FIG. 1 is a schematic diagram of the manufacturing process of metal cadmium powder in the present invention. Figure 2 shows the displacement liquid Cd1lI degree 401//l
Graph showing the relationship between the amount of glue added and specific surface area in K. FIG. 3 is a graph showing the relationship between the amount of glue added and the specific surface area when the Cd concentration of the replacement liquid is 201/lK. 91 Figure

Claims (9)

[Claims] (1) A method of producing metal cadmium powder through a step of immersing zinc in a cadmium sulfate solution and precipitating metal cadmium by a substitution reaction. A method for producing metal cadmium powder, the special purpose of which is to include a substance capable of suppressing crystal growth of precipitated metal cadmium in the cadmium sulfate solution. (2) Claim No. 1, wherein the substance capable of suppressing the crystal growth of metal cadmium is an R liquid colloid forming substance.
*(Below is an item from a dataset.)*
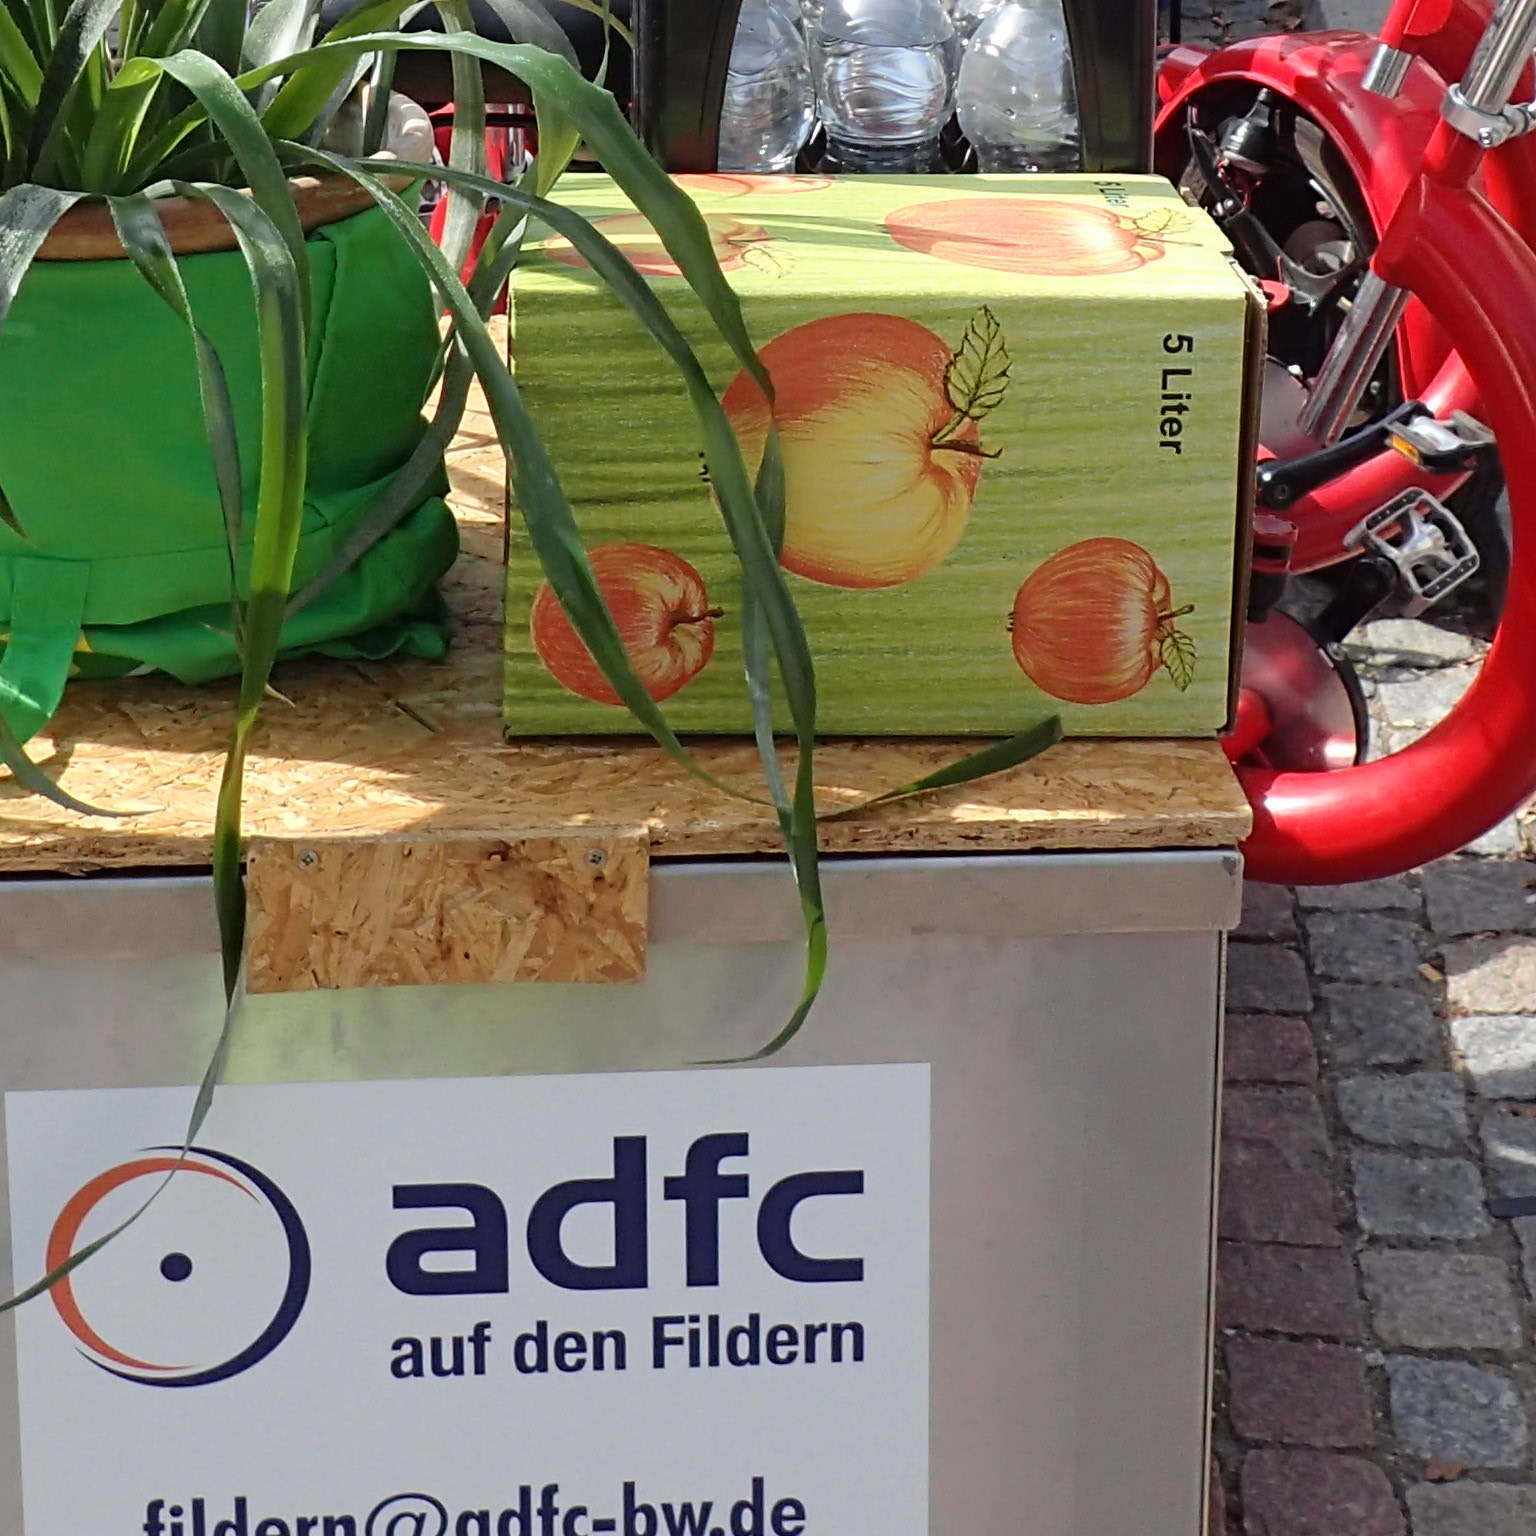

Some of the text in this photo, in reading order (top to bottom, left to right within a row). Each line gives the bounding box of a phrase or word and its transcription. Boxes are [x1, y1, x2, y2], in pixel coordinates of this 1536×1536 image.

[1159, 333, 1194, 455] 5 Liter
[386, 1132, 865, 1296] adfc
[390, 1313, 865, 1379] auf den Fildern
A method for producing metal cadmium powder as described in . (3) The method for producing metal cadmium powder according to claim (2), wherein the lyophilic colloid-forming substance is tan-matrix. (4) The method for producing metal cadmium powder according to claim (3), wherein the tan/liquid substance is glue or gelatin. (5) The method for producing metal cadmium powder according to claim 0, wherein the substance capable of suppressing the crystal growth of metal cadmium is a substance capable of forming a salt or a complex salt with metal cadmium. (6) The method for producing metal cadmium powder according to claim (5), wherein the salt-forming substance is caffeine. (7) The method for producing metal cadmium powder according to claim (5), wherein the complex-forming substance is a sulfur-containing amino acid. (8) The method for producing metal cadmium powder according to claim (1), wherein the substance capable of suppressing crystal growth of metal cadmium is a polymer flocculant. (9) 4 where the polymer flocculant is anionic or nonionic;
+7 A method for producing metal cadmium powder according to claim (8), which is an acrylamide-based flocculant.